Couric asked Robertson about her ordeal with colon cancer and the results of her genetic testing.

She also asked Lee how he felt about the pending results of his genetic testing.

Lee said Couric wanted to get the word out that genetic testing makes it possible for people to take precautions before they get colon cancer.

"Colon cancer is the most easily detected and easily treated cancer," Lee said. "The test is near bullet-proof. Either you have colon cancer or you don't. Other cancers tend to hide. With colon cancer, they can take the pollops out, there's no radiation, no chemotherapy. But if you wait too late to get checked and it runs in your family or if you ignore symptoms, it's not so easy to deal with. Genetic testing can tell if you are predisposed to certain diseases, including cancer, and warn you to have regular preventive colonoscopies."

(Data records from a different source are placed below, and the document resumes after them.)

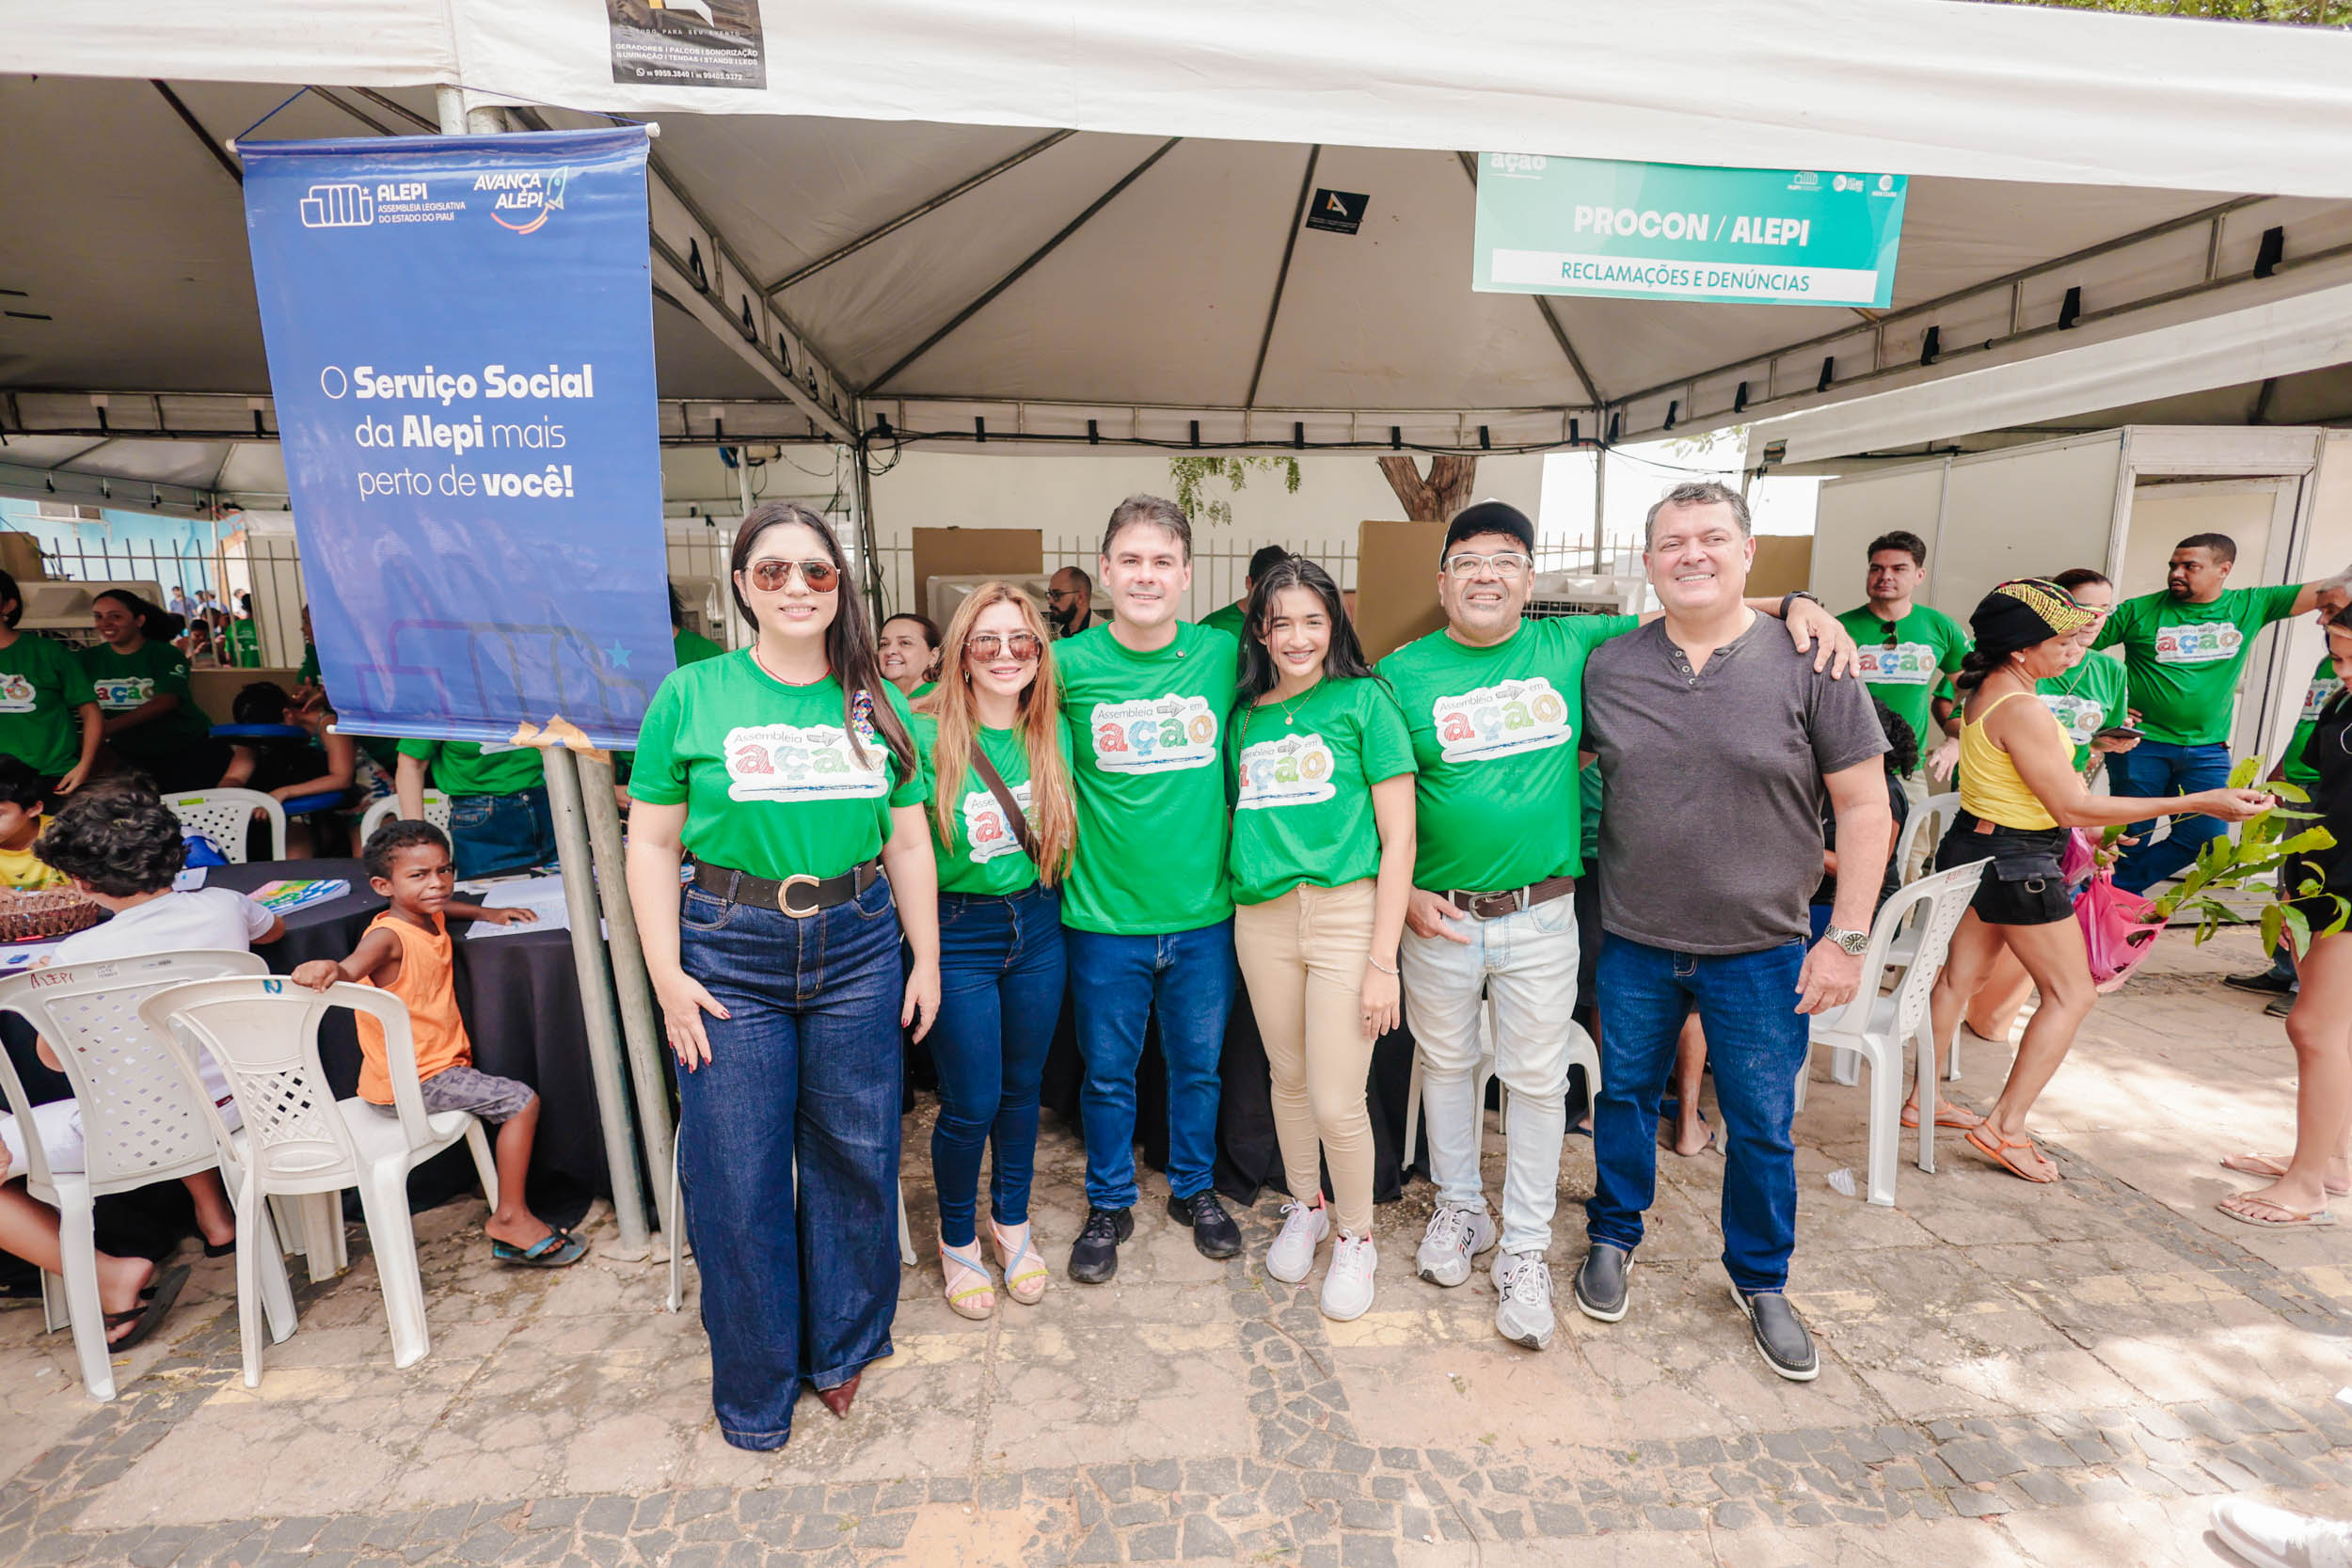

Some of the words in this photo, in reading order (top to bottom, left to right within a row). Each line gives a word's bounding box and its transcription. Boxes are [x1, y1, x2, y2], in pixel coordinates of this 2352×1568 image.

[615, 43, 663, 52] GERADORES
[706, 48, 758, 57] SONORIZAÇÃO
[376, 182, 427, 202] ALEPI
[473, 172, 542, 193] AVANÇA
[378, 203, 421, 213] ASSEMBLEIA
[421, 201, 466, 211] LEGISLATIVA
[378, 214, 390, 223] DO
[391, 214, 421, 223] ESTADO
[422, 213, 434, 222] DO
[436, 212, 454, 221] PIAUÍ
[1574, 205, 1709, 242] PROCON
[1731, 216, 1811, 246] ALEPI
[1562, 261, 1690, 289] RECLAMAÇÕES
[1694, 271, 1702, 287] E
[1708, 271, 1810, 292] DENÚNCIAS
[321, 365, 347, 399] O
[354, 365, 477, 406] Serviço
[484, 364, 594, 399] Social
[355, 415, 394, 448] da
[402, 415, 485, 455] Alepi
[491, 415, 565, 449] mais
[358, 467, 432, 501] perto
[438, 464, 476, 496] de
[482, 464, 574, 498] você!
[1439, 693, 1493, 711] Assembleia
[1529, 683, 1544, 692] em
[1098, 706, 1153, 720] Assembleia
[734, 731, 803, 744] Assembleia
[1459, 1227, 1475, 1259] FILA
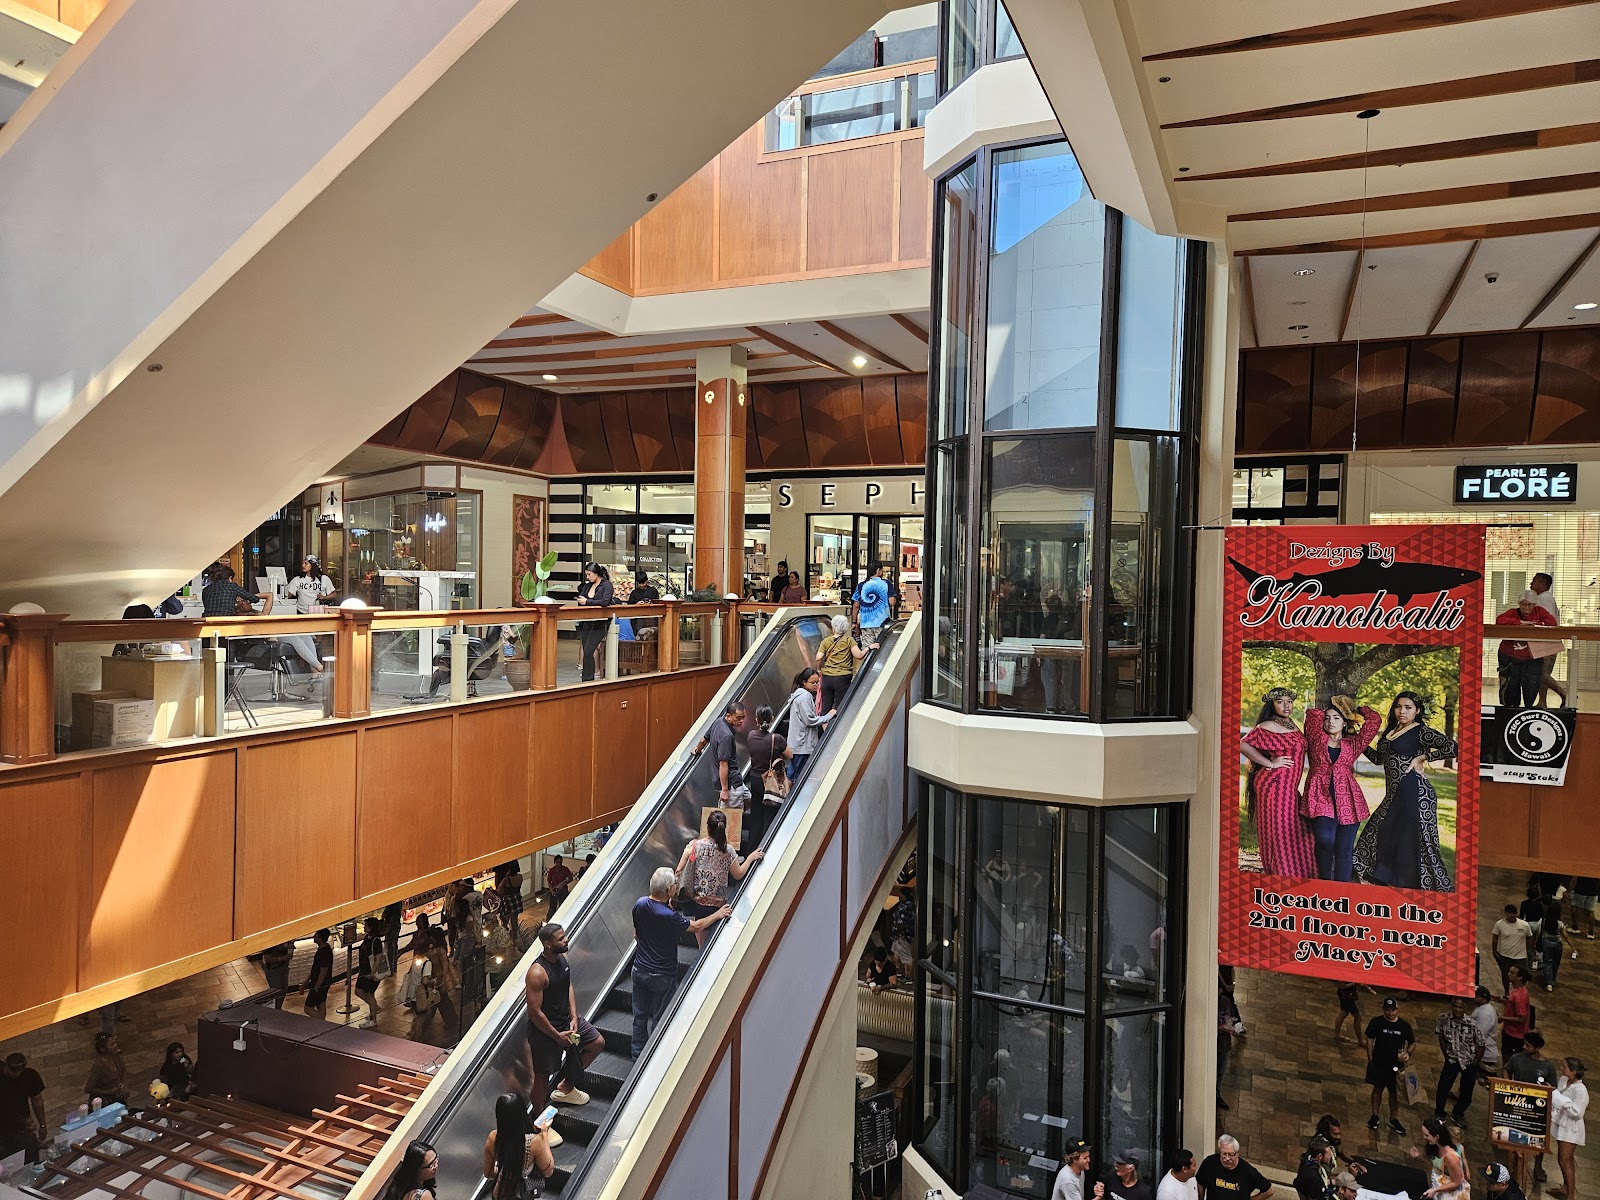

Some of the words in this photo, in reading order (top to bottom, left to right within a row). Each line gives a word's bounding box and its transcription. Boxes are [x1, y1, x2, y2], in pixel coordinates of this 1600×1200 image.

Lee admits that he dragged his feet on having a colonoscopy, even after his sister was diagnosed in 2000.

"It took me another five years to get checked," Lee said. "I just didn't worry about it."

Luckily, Lee's colonoscopy revealed no disease and he is still cancer free. His genetic test, however, is a different story.

CBS flew back to Minnesota to be with Lee and Robertson when they found out the results of Lee's genetic test on April 30.

Lee's test results

Leininger had the unpleasant task of informing Lee that he does have the gene called Lynch Syndrome, also known as HNPCC (Hereditary Non-Polyposis Colorectal Cancer).

"I grew up with the knowledge that heredity is heredity and I would eventually have cancer," Lee said. "I didn't know there was a chance I wouldn't get it. I thought it was a done deal."

Now, even though he has the gene, Lee is better prepared to be proactive against the disease by having regular checkups, so it may not be a "done deal."

The segment with Robertson and Lee on the CBS Evening News with Katie Couric aired on May 6.

"We figured it was about five to six and a half hours of filming and our time on T.V. ended up being three-and-a-half minutes," Lee laughed. "They even came to my house in New Richmond and did a segment where I am telling my son about my genetic testing result so he will know to take precautions."

Lee said the piece with Couric "got a lot of good information out there." He also said he agreed to undergo the genetic testing and to be interviewed for two reasons.

"I agreed to do the genetic testing before the TV people called and I did that for the sake of my children," Lee said. " Second, I went on television for the sake of mankind. I wanted to help educate others."